Task requirements: All the lines below need to be transcribed exactly. Pictures get left out.

(Saved data entries)

▬▬▬

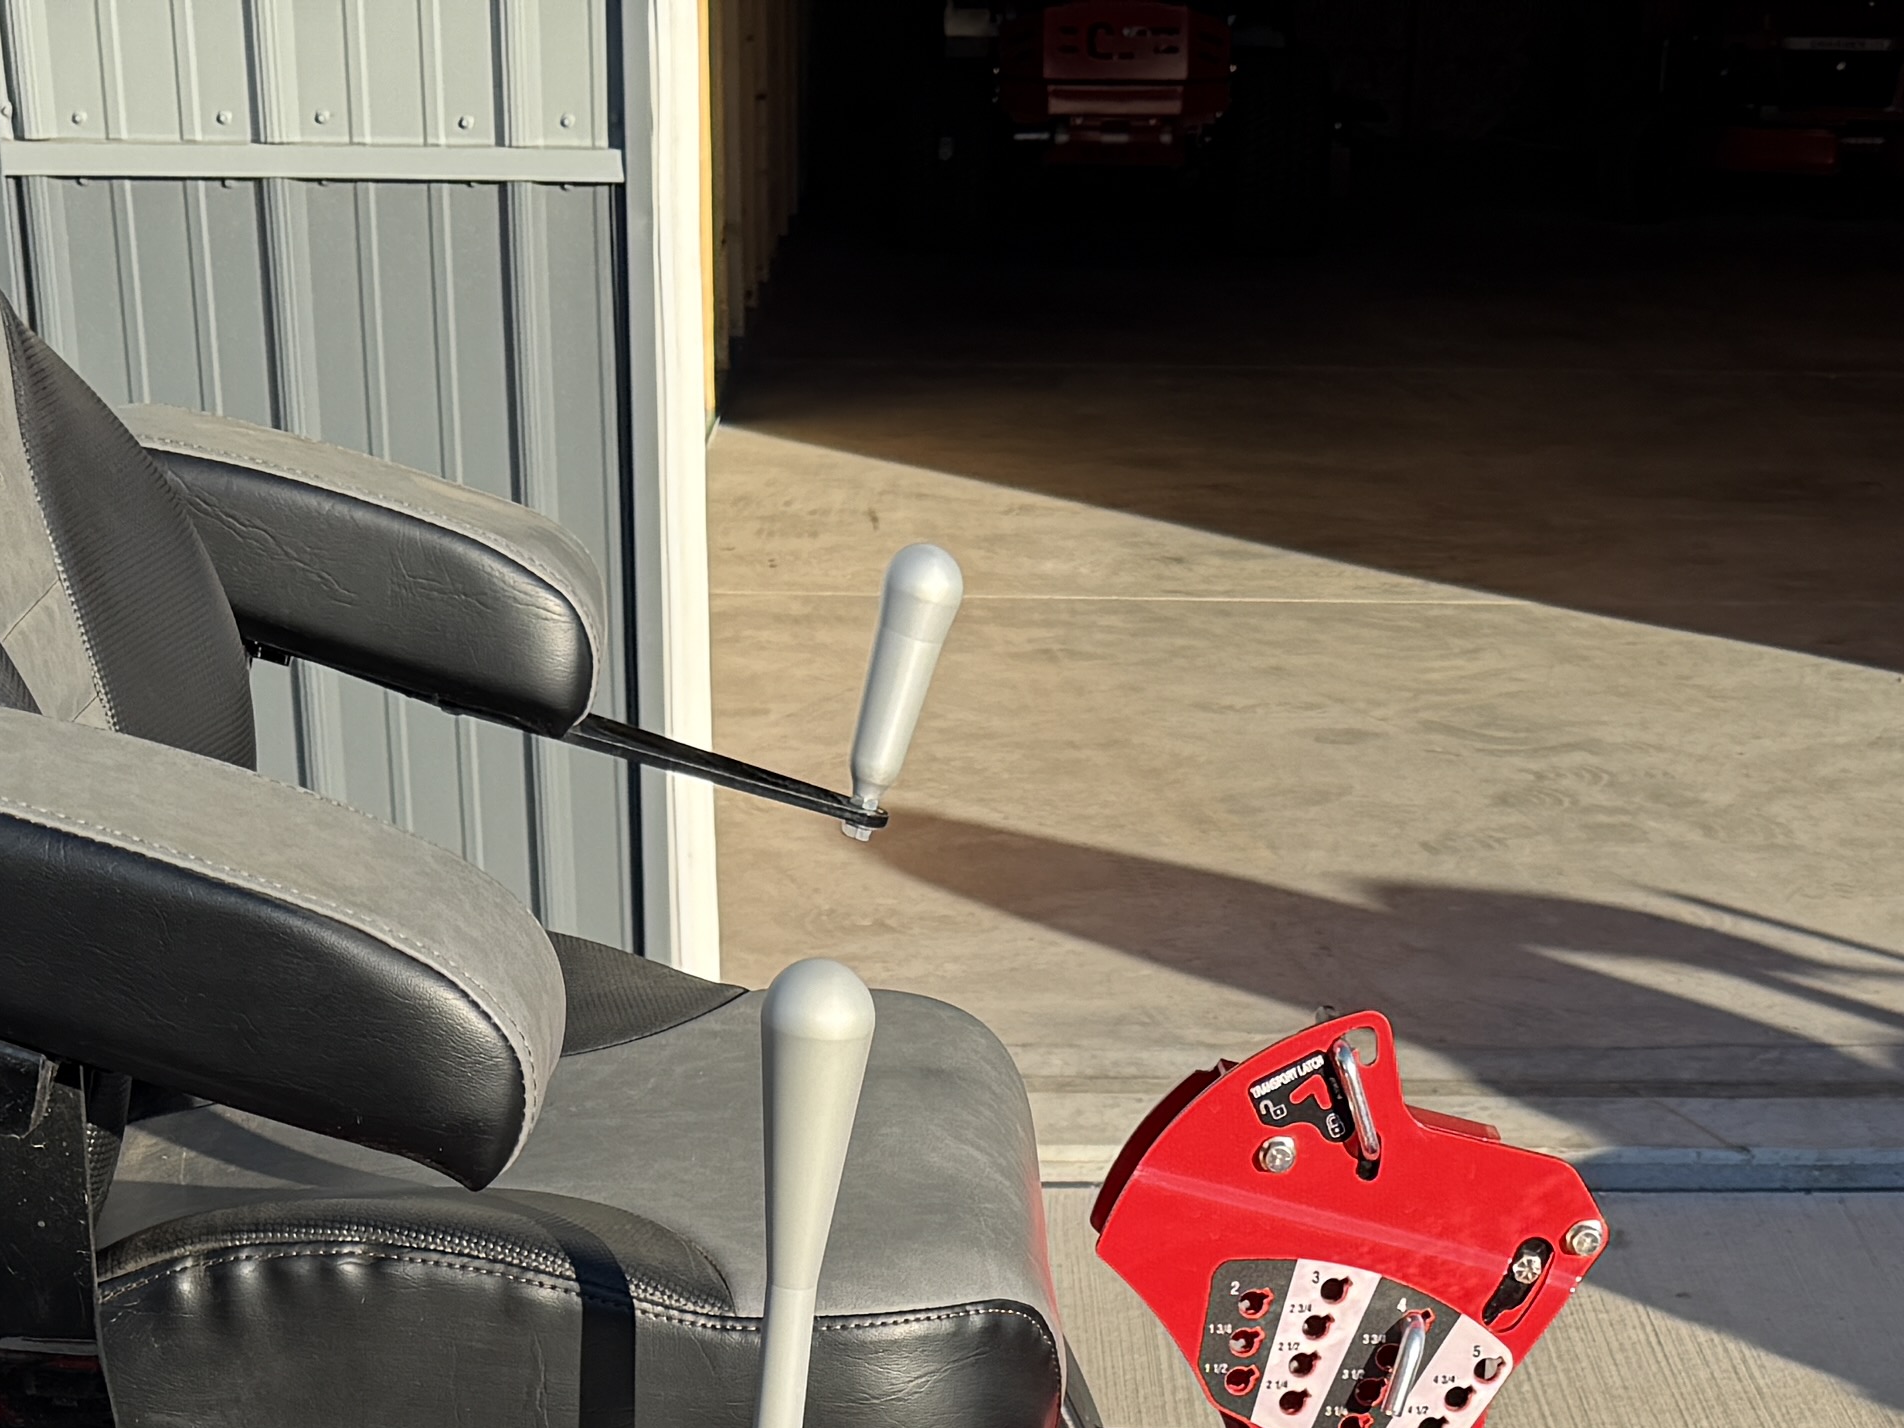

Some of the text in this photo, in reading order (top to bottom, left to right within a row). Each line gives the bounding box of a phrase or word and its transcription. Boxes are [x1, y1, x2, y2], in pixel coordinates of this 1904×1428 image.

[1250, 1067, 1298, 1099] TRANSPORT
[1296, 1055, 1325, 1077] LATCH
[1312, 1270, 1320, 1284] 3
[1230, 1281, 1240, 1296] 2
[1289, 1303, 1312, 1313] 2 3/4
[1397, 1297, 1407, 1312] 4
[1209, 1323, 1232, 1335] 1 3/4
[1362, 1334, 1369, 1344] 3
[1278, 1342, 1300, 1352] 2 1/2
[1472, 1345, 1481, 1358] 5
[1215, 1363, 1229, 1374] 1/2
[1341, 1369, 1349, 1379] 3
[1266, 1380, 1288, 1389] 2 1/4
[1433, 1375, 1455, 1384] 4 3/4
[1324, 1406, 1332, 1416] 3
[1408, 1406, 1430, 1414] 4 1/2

▬▬▬

Solution to this task:
Some of the text in this photo, in reading order (top to bottom, left to right within a row). Each line gives the bounding box of a phrase or word and its transcription. Boxes are [x1, y1, x2, y2], in pixel coordinates of this 1904×1428 image.

[1250, 1067, 1298, 1099] TRANSPORT
[1296, 1055, 1325, 1077] LATCH
[1312, 1270, 1320, 1284] 3
[1230, 1281, 1240, 1296] 2
[1289, 1303, 1312, 1313] 2 3/4
[1397, 1297, 1407, 1312] 4
[1209, 1323, 1232, 1335] 1 3/4
[1362, 1334, 1369, 1344] 3
[1278, 1342, 1300, 1352] 2 1/2
[1472, 1345, 1481, 1358] 5
[1215, 1363, 1229, 1374] 1/2
[1341, 1369, 1349, 1379] 3
[1266, 1380, 1288, 1389] 2 1/4
[1433, 1375, 1455, 1384] 4 3/4
[1324, 1406, 1332, 1416] 3
[1408, 1406, 1430, 1414] 4 1/2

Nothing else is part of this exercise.